I thank the members of our campaign staff, all those who have served in this election and the work you have done. I thank the leaders of our party in the Congress, in the statehouses. I thank all those who stood for what we believe in in these elections today, those who won and those who did not. You did a service to America by raising the things in which we believe. And I thank you all and wish you Godspeed.

I want to thank the employees of the Nation's Government. They have had to do a remarkable job. We have reduced the size of our Government to its smallest point since President Kennedy served, and yet they have continued to serve the people better year-in and year-out. They had to do it in the face of enormous challenges and outright hatred for momentary periods. They have had to live with the horror of Oklahoma City and the difficulties that came along the way. But the people who serve us deserve our thanks, and I thank them.

I thank those who served this administration and our cause who are no longer here tonight. And one especially I must thank, my friend and brother Ron Brown.

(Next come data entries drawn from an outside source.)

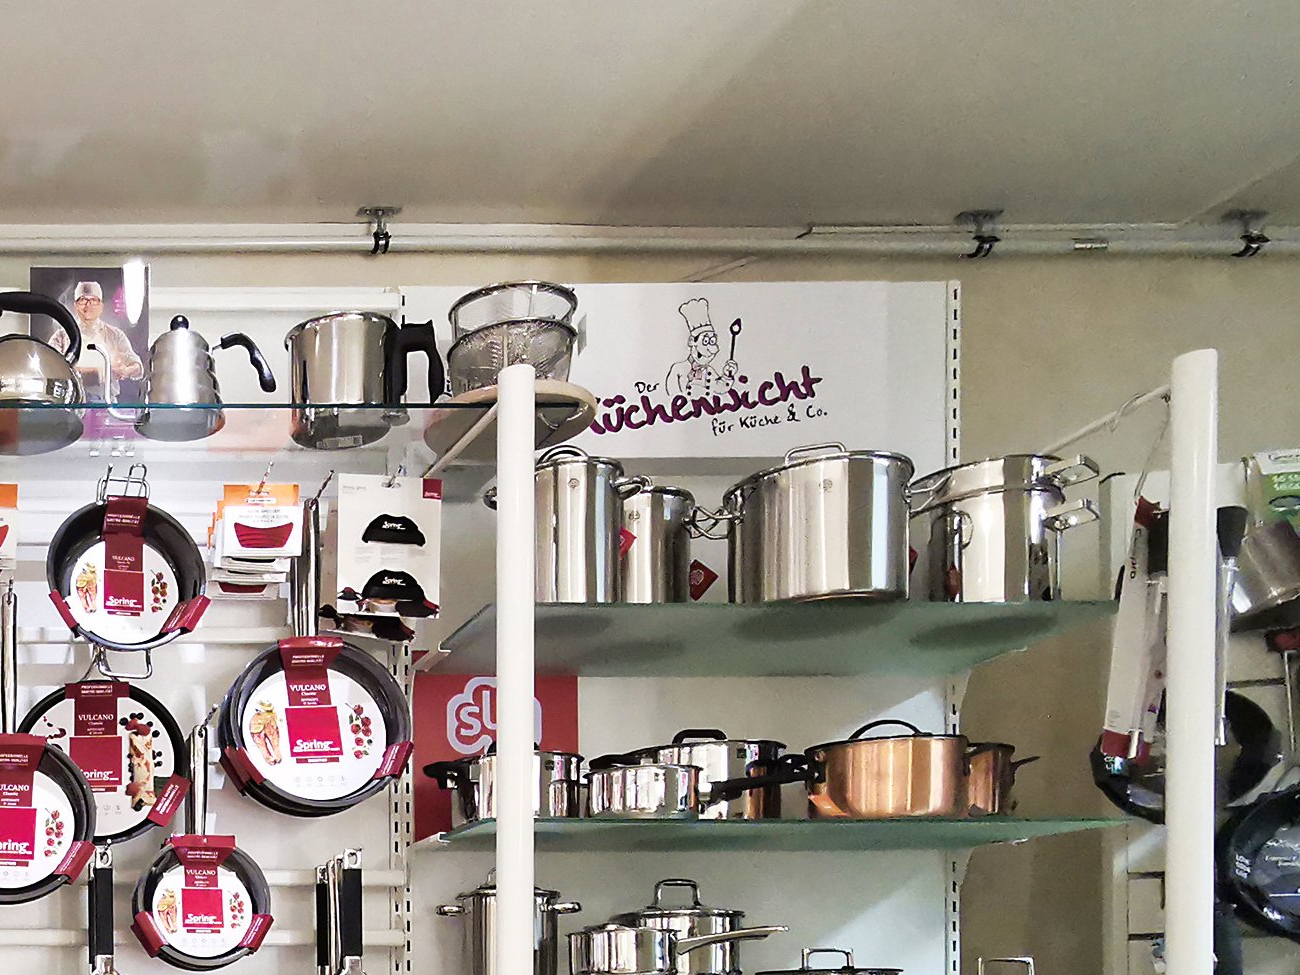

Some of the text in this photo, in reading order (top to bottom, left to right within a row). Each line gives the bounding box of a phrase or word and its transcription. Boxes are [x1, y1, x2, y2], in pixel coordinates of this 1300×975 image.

[635, 381, 660, 394] Der
[711, 402, 828, 437] für Küche & Co.
[108, 595, 138, 607] Spring
[290, 684, 327, 692] VULCANO
[78, 714, 114, 722] VULCANO
[295, 739, 334, 753] Spring
[80, 769, 115, 782] pring
[187, 913, 218, 925] Spring
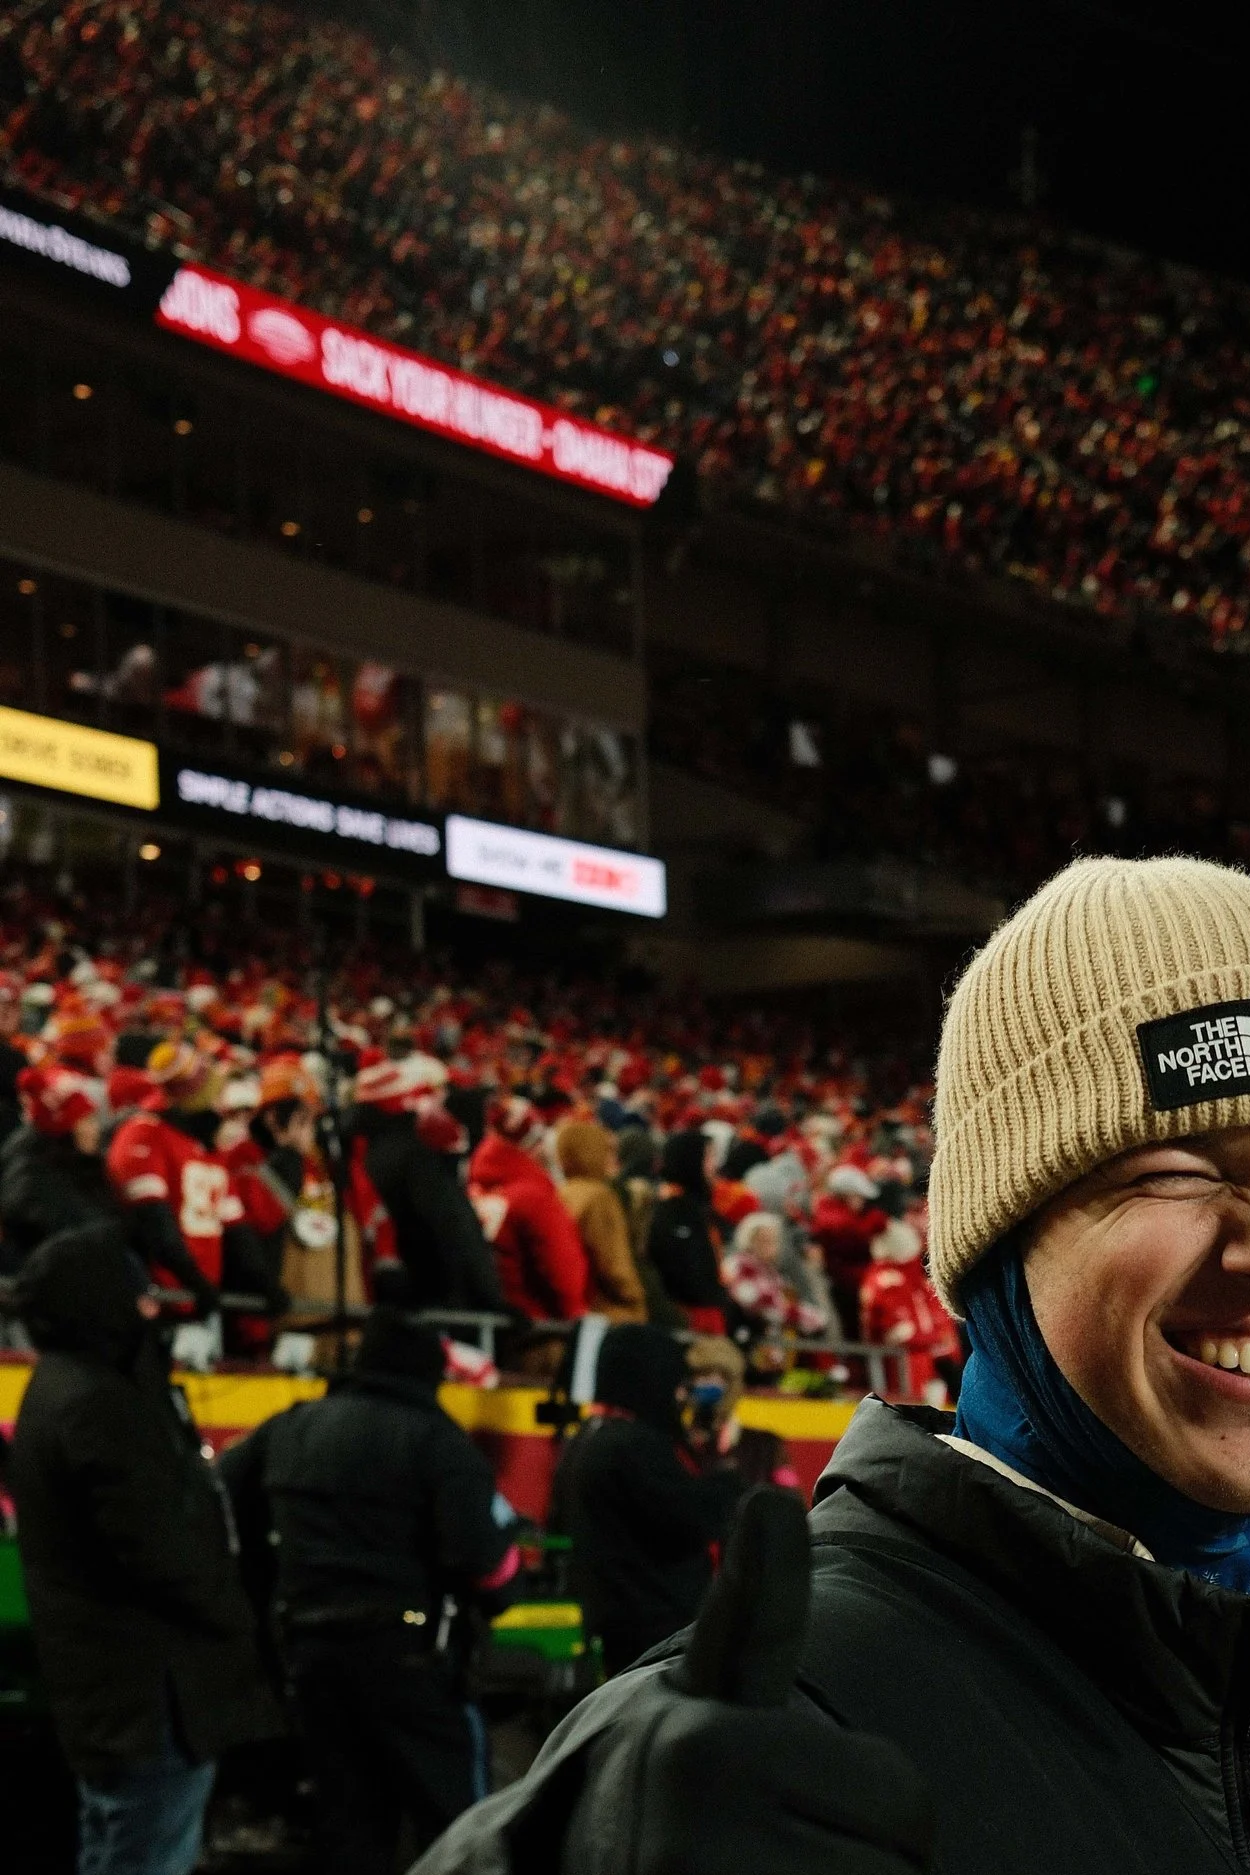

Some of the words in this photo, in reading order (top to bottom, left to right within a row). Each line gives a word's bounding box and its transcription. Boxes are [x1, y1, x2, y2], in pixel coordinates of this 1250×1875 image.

[1190, 1016, 1239, 1043] THE
[1157, 1036, 1243, 1074] NORTH
[1186, 1056, 1248, 1087] FACE

You're looking down on us, and I know you're smiling, too.

On a purely personal note, I must thank my pastor, Rex Horne, who prayed with me before I came out here tonight, and all the ministers and people of God who prayed for me and with me over these last 4 years. There were a few especially, and they know who they are, who came to the White House time after time, in good times and bad. When the times were bad, they reminded me that God gave Saint Paul a thorn in his flesh so he would not become exalted in his own eyes. And that certainly was not a problem for me in the bad times. [Laughter] When the times were good, they reminded me that humility is always in order in the Presidency, for in this life we see through a glass darkly, and we cannot know the whole truth of our circumstances or the motives of those who oppose us. I thank them all for bringing me closer to God and to the eternal wisdom without which a President cannot serve.

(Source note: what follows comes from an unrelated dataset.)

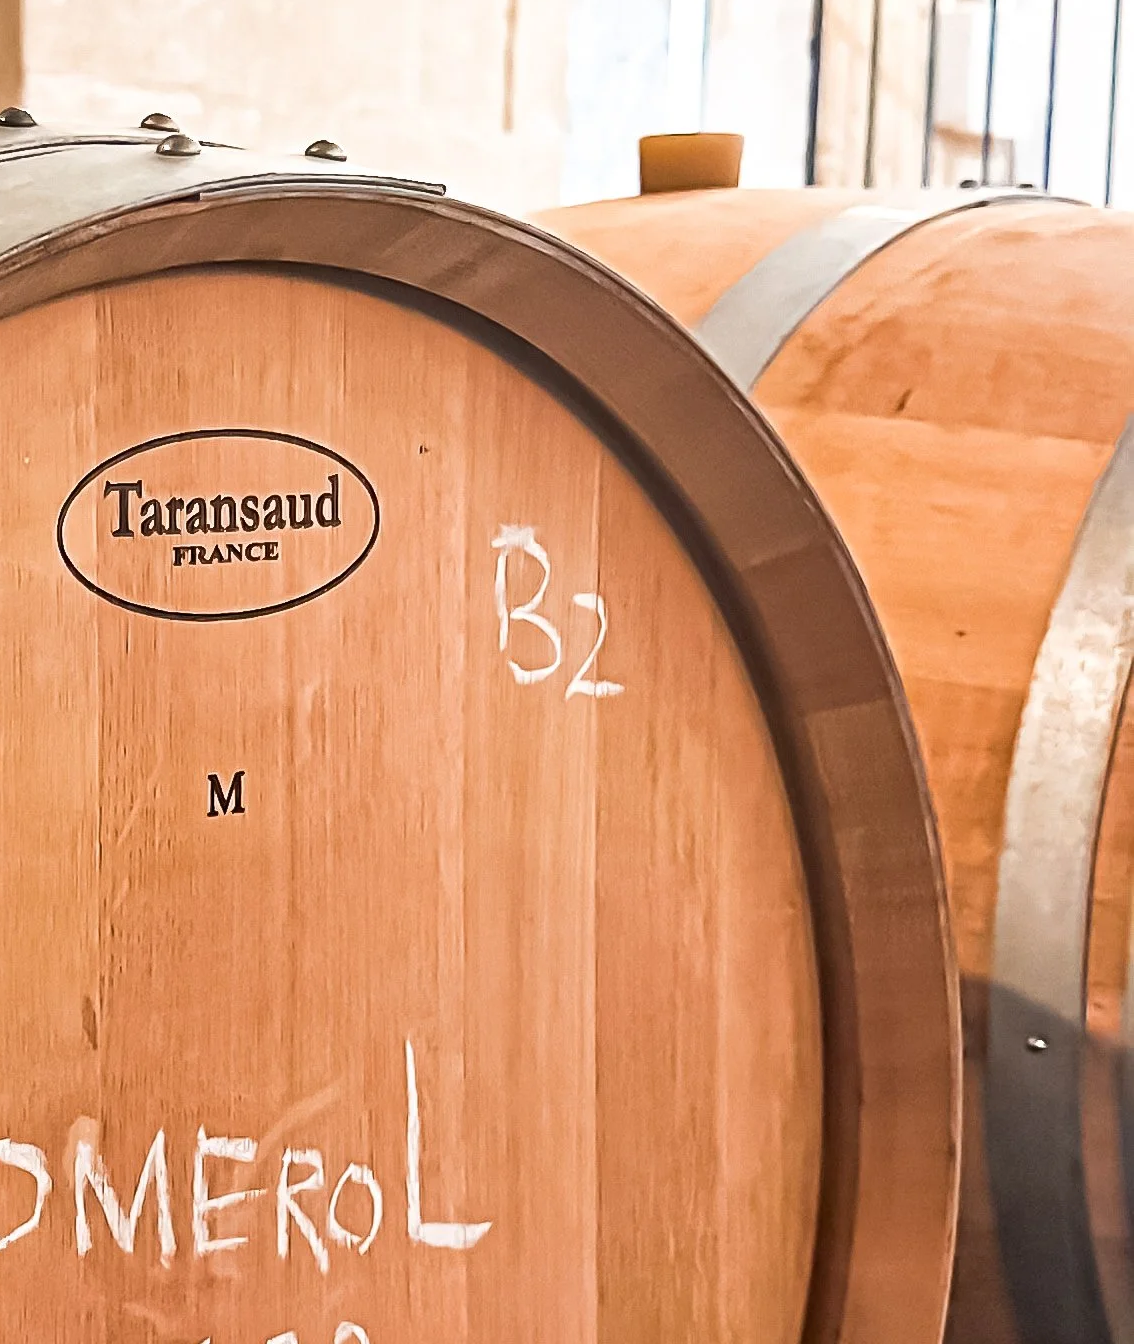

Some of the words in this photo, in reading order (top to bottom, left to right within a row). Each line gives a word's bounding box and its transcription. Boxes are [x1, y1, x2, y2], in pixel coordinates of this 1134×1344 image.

[103, 474, 341, 539] Taransaud
[172, 540, 279, 566] FRANCE
[491, 524, 626, 700] B2
[207, 771, 246, 817] M

I would like to say a special word of thanks to Senator Dole, and I ask you to join me in applause for his lifetime of service to the United States. [Applause]

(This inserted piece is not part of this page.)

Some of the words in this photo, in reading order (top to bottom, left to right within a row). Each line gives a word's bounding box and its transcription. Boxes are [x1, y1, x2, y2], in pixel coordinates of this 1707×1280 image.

And I thank Jack Kemp for his service to America and his devotion to the proposition that this is a country in which everyone should have a chance to live free and equal and to have a chance at success.

Let me say, I had a good visit with Senator Dole not too long before he went out to speak. I thanked him for his love of our country, for his years of service. I applauded the campaign that he fought so bravely to the very last minute. I thanked him for the work we did together to advance the common cause of America. And on behalf of all Americans, I wish him well and Godspeed.

Four years ago, on these very steps, we set forth on a journey to change the course of America for the better, to keep the American dream alive for everyone willing to work for it, to keep America the world's strongest force for peace and freedom and prosperity, to come together as one American community. The time was one of widespread frustration and doubt about our economic and social problems, about our ability to deal with the vast sweep of change that was all around us. The scope and pace of those changes were threatening to many, and our values seemed to be under attack on all sides. But together, you and I vowed to turn our country around, with a strategy to meet our challenges and protect our values: opportunity for all, responsibility from all, an American community of all Americans.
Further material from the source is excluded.